TABLE 4.
Influence of fusaric acid on antibiotic production by Pseudomonas protegens Pf-5a
| Antibiotic | Concn, μg ml−1 (mean ± SE) inb: |
|||
|---|---|---|---|---|
| NYBGly-Zn |
PDB-Fe |
|||
| Without FA | With FA | Without FA | With FA | |
| DAPG | 9.8 ± 0.9 | 0.06 ± 0.02** | 2.2 ± 0.3 | 0.56 ± 0.13** |
| MAPG | 6.6 ± 0.9 | 0.07 ± 0.03** | 15 ± 1 | 0.93 ± 0.05** |
| Orfamide A | 95 ± 9 | 78 ± 11 | 15 ± 1 | 18 ± 1* |
| Pyoluteorin | 0.87 ± 0.04 | 1.4 ± 0.1** | BD | 0.02 ± 0.01 |
| Pyrrolnitrin | 0.36 ± 0.06 | 0.31 ± 0.06 | 1.2 ± 0.1 | 1.4 ± 0.1* |
Strain Pf-5 was grown in 5 ml of NYBGly supplemented with 0.35 mM zinc sulfate (NYBGly-Zn) or in 5 ml of PDB with 0.1 mM FeCl3 (PDB-Fe). Both media were amended with fusaric acid (FA) at 0 or 0.5 mM. Cultures were incubated for 48 h at 27°C with shaking at 200 rpm. Prior to extraction, culture supernatants were acidified to pH 2.0, which enhances extraction of some antibiotics but causes degradation of rhizoxin (6, 55). Consequently, rhizoxin WF-1360F concentrations were not assessed in this experiment. Concentrations of antibiotics listed were quantified by HPLC.

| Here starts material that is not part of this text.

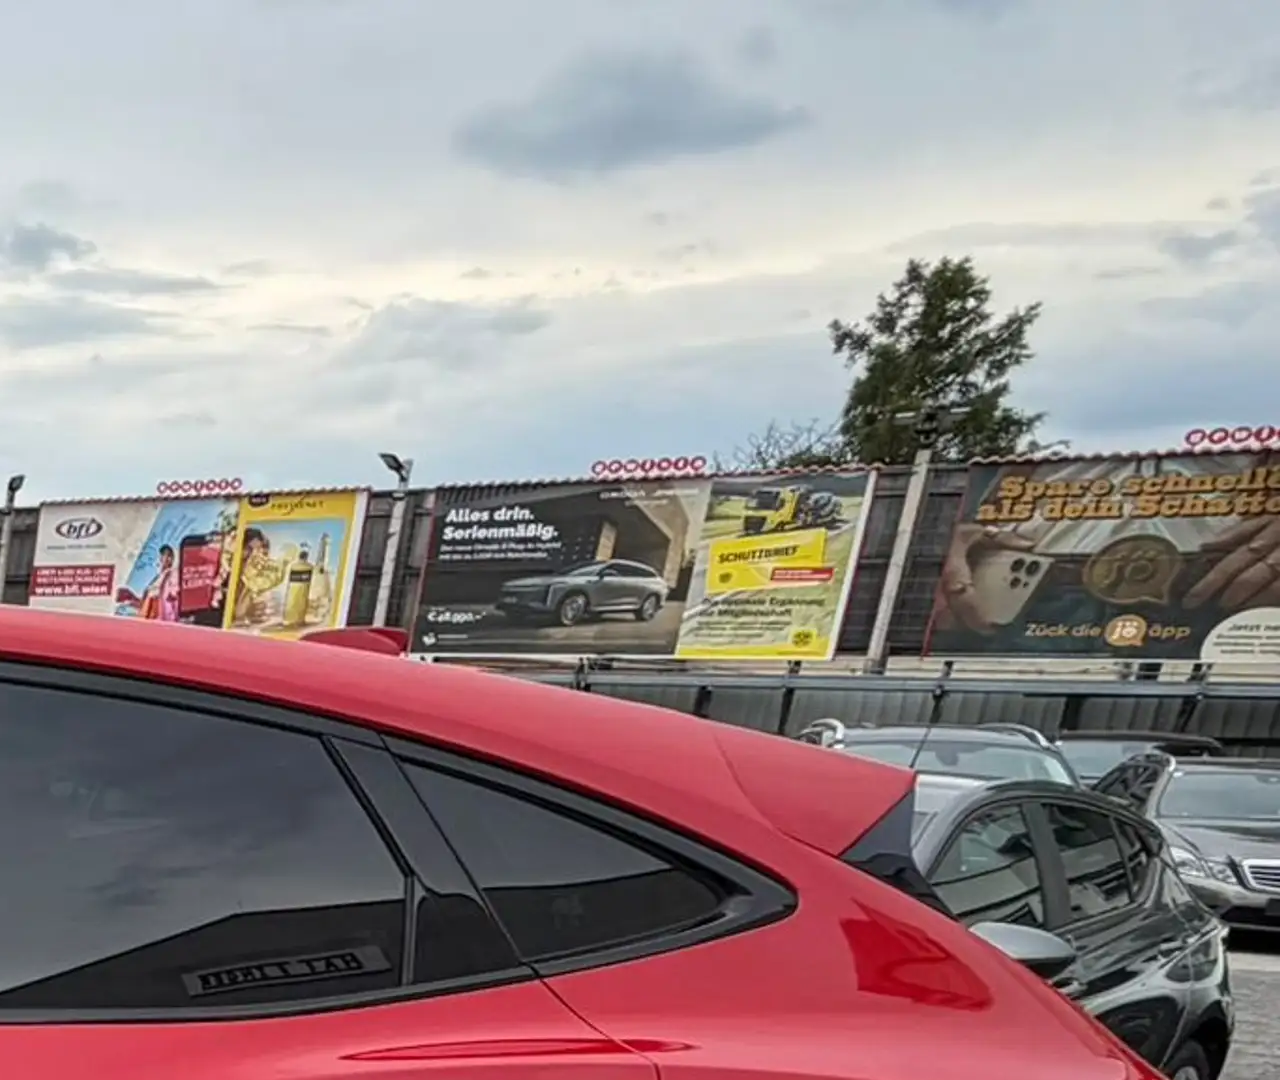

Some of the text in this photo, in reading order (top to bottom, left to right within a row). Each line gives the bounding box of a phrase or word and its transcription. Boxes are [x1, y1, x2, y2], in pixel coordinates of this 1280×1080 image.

Values represent the mean and standard error for four replicate broth cultures. Values were rounded to two significant digits. BD, below detection, with detection limits being approximately 0.02 μg/ml for all compounds. For each medium, asterisks (* and **) in the same row indicate values that are significantly different from the control value (α = 0.05 and 0.01, respectively) according to Student's t test.